31 October 2004

With tight but cambered turns and a small capacity, the Breeders’ Cup venue has a charm all of its own

Brough Scott in Dallas

This week we will all try and understand the Americans as election fever grips their nation. It will not be easy. Neither, despite a big, big Texan welcome, was it for our racing fans yesterday when the Breeders’ Cup races were run at Lone Star Park near Dallas.

For never since America started this Breeders’ Cup jamboree on that sunny Californian day at Hollywood Park, Los Angeles, in November 1984, has so large an operation been placed on so small a venue. For the last five years Breeders’ Cup day has averaged over 50,000 fans and $14 million (£7.6 million) bet on the track. Lone Star Park, started just seven years ago, is normally pushed to take more than 8,000 fans and $2 million at the betting windows. Bringing the Breeders’ Cup here might seem a risk little short of madness but remember this is Texas.
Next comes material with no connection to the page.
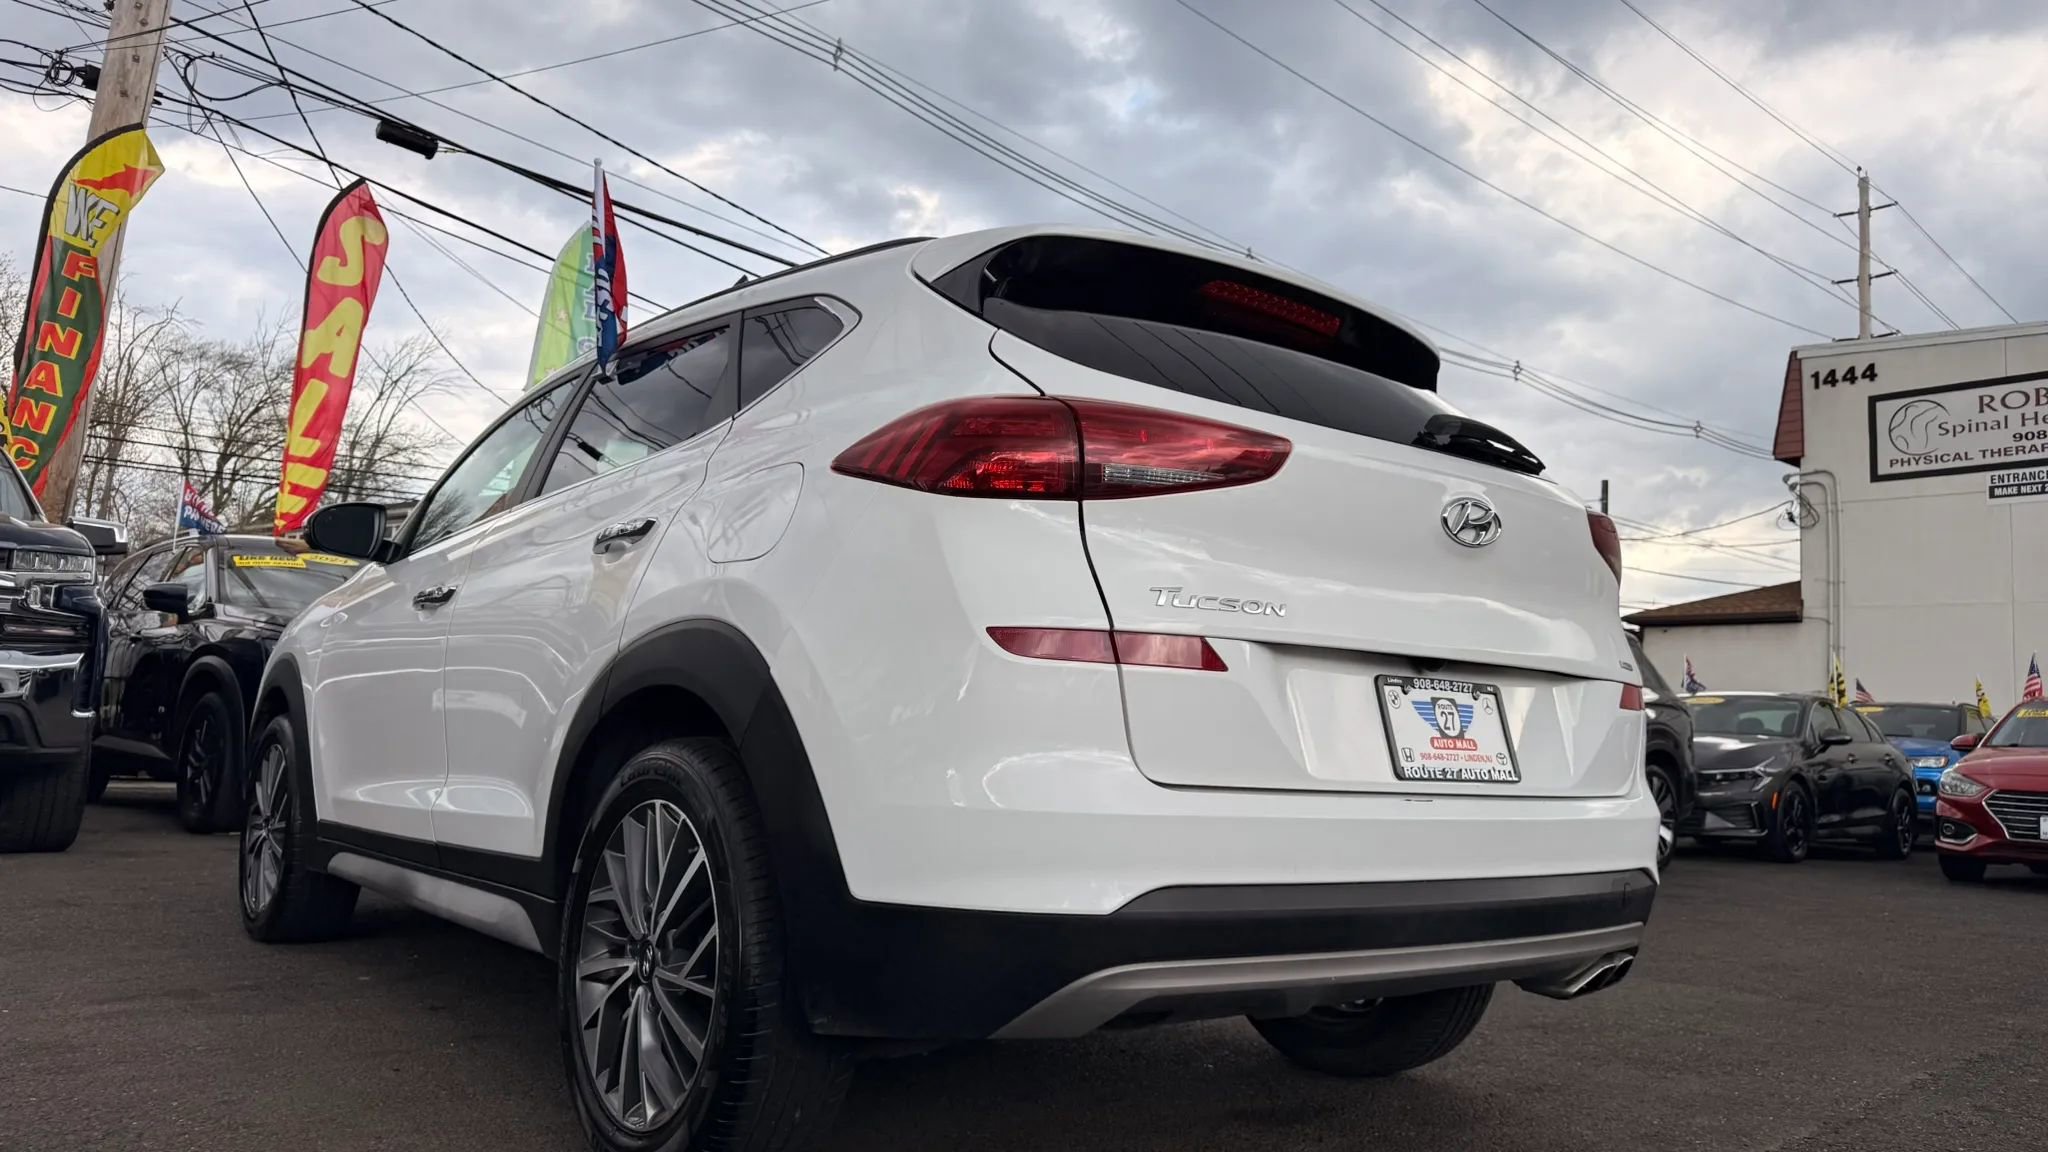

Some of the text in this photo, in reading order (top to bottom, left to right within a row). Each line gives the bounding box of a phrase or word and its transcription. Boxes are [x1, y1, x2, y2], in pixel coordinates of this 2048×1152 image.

Besides a certain George Walker Bush, Texas is home for some of the biggest hitters in the thoroughbred breeding industry. It is also not, as yet, host to slot machines which at present suck $1 billion a year out of Texan pockets into the takings of Louisiana Downs and Delta Downs across the border. Sure there was plenty of glory as the likes of Richard Mandella and Jerry Bailey, and D Wayne Lukas and John Velasquez, pitched the top horses around the tight but cambered turns constructed only eight years ago in the flat, featureless semi-suburbia of Grand Prairie. But this is business.

“Without slots, Texas’s other two tracks [in Houston and San Antonio] will die,” said Eugene Joyce, Lone Star’s assistant manager, on Friday. “We can survive but we will never be able to give the prize money to attract top horses unless we capitalise on our unique potential. In the rest of the country 75 per cent of the racegoers are 55 and over, here 75 per cent are 55 and younger. There are some 10 million people in the Fort Worth and Dallas areas. Properly harnessed we would be offering purses of $50,000 for ordinary races [five times their current norm]. We would be a match for Santa Anita.”
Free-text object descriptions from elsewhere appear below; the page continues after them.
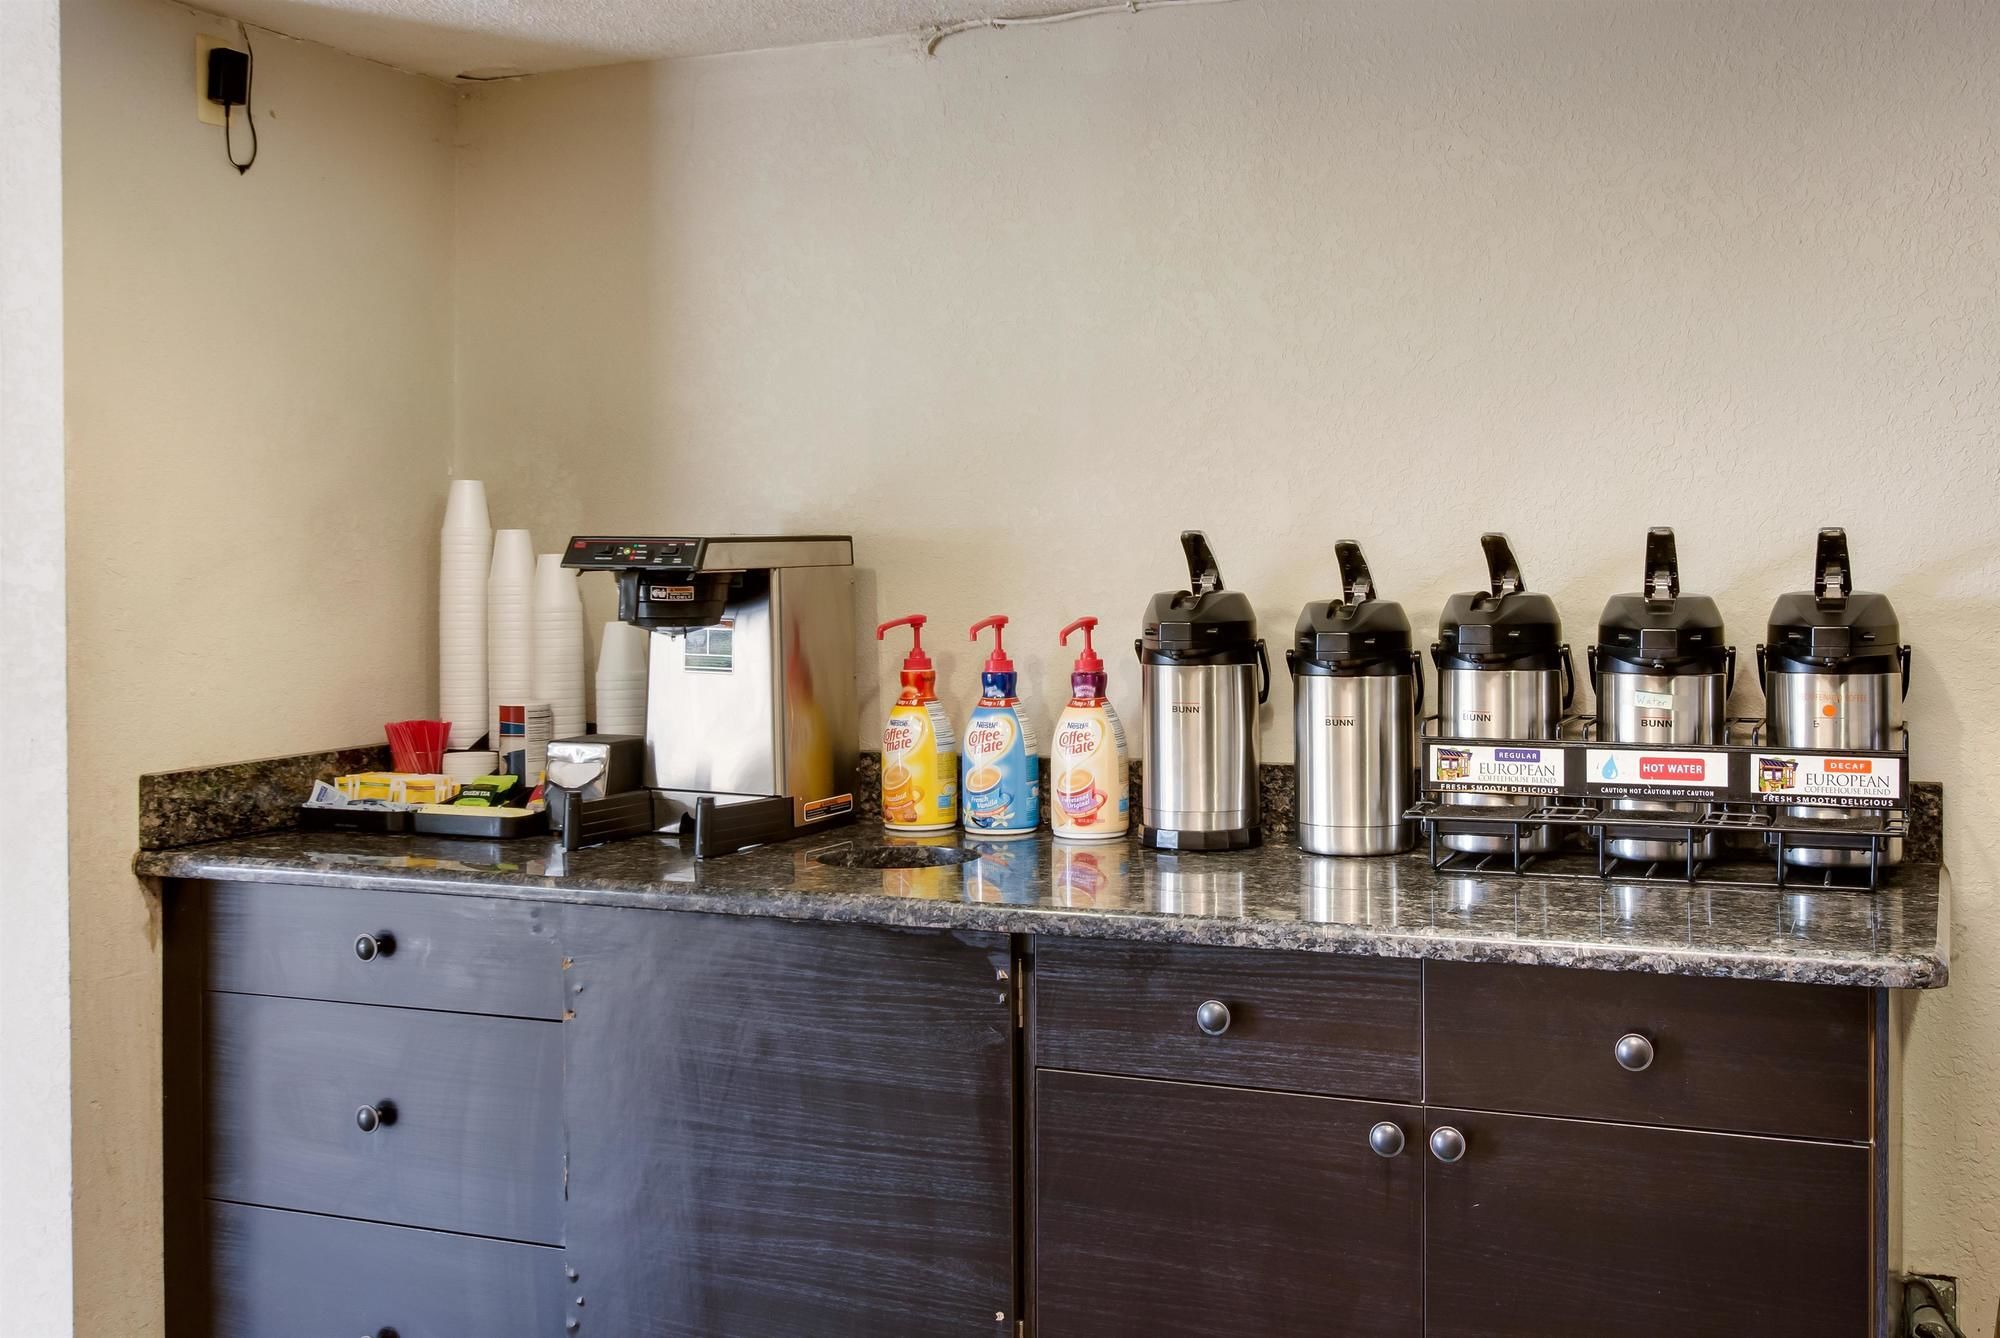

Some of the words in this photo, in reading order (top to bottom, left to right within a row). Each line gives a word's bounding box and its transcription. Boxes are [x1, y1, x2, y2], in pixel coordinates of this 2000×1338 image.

[1172, 705, 1200, 714] BUNN
[1324, 718, 1354, 727] BUNN
[1462, 713, 1492, 722] BUNN
[1640, 720, 1672, 728] BUNN
[886, 739, 912, 752] mate
[1498, 752, 1537, 760] REGULAR
[1479, 762, 1556, 777] EUROPEAN
[1642, 764, 1664, 773] HOT
[1667, 764, 1703, 774] WATER
[1830, 762, 1866, 770] DECAF
[1478, 775, 1530, 784] COFFEEHOUSE
[1532, 776, 1557, 784] BLEND
[1806, 773, 1890, 788] EUROPEAN
[1471, 784, 1508, 792] SMOOTH
[1511, 786, 1559, 794] DELICIOUS
[1600, 786, 1628, 794] CAUTION
[1644, 788, 1670, 796] CAUTION
[1804, 786, 1862, 795] COFFEEHOUSE
[1863, 787, 1892, 796] BLEND
[1762, 795, 1792, 803] FRESH
[1796, 796, 1837, 804] SMOOTH
[1841, 798, 1894, 807] DELICIOUS
Joyce is too diplomatic to outline the element of bible belt conservatism which still looks disapprovingly at gambling, preferring to emphasise the style with which Lone Star and its supporters have embraced the Breeders’ Cup challenge. The stabling blocks and actual track routine are state of the art. The grandstand may have a strange, south-western stucco look from the outside, but it gives immaculate service to customers from moneyed top to raucous bottom. The week has seen everything from jockeys’ autograph-signing sessions (for a full hour before the three-race series won by Bailey from Kieren Fallon and Frankie Dettori on Thursday) to a superb cowboy party in Fort Worth featuring both a real bull-riding competition and the incomparable Willie Nelson in concert.

There is also, of course, a brutal financial equation for Texas. That they do not have, or dare to institute, state income tax and revenue from slot machines at the racetrack is a turning down of voluntary taxation. But if Lone Star really want to change the negative image of racing they should focus on the man and the cause which was highlighted on Thursday. Steve Cauthen, whose father was a Texan, was back in town.

The greatest ambassador America or racing ever had was over from his farm in Kentucky as part of the Race Track Chaplaincy of America awards to the “Heroes of the Backstretch”. These included outriders and morning jocks who had risked their necks catching runaway horses and broken sulkie; a guy from Fairmount Park, Illinois, who had rescued two small kids from a burning mobile home; and two ambulance men who stood in front of an unconscious jockey as a blinkered, riderless horse ran blindly at them.

To listen to Cauthen tell their stories, to see him pull photos of his wife and three daughters unselfconsciously from his wallet, was to rejoice that fame need not always corrupt. The only jockey ever to be Sports Illustrated’s Sportsman of The Year (in 1979 after Affirmed’s Triple Crown), he conquered all our hearts and English Classics until the weight beat him in 1988, stepped out of the limelight but not away from the belief that racing could still be a force for good.

He and the chaplaincy are important to try and finally overturn the defeat suffered by Eugene Joyce’s father, Joe, more than 20 years ago. Joyce senior, a distinguished corporate lawyer who has had running both Arlington Park and Madison Square Garden among his laurels, was in the Texas State Legislature to plead the case for a racetrack with betting. Joe was his normal fluent self and was well into the closing question-and-answer session when the hurricane hit.

A tall figure dressed like some latter day black-suited Abraham Lincoln, complete with stetson, frock-coat and black string tie, rose at the end of the table. As he did, so the TV lights lifted in anticipation. When all the cameras were rolling the senator delivered one of the most awesome put-downs in the history of human concourse. “Young man,” he intoned mightily, “I have heard how you want to bring your doctrine of filth into this fair state and do you know what I am going to do? Before I go to bed I shall get on my knees and pray for the redemption of your black soul.”

Twenty years on Joyce Junior and the Breeders’ Cup might still be a furlong or too short of deliverance.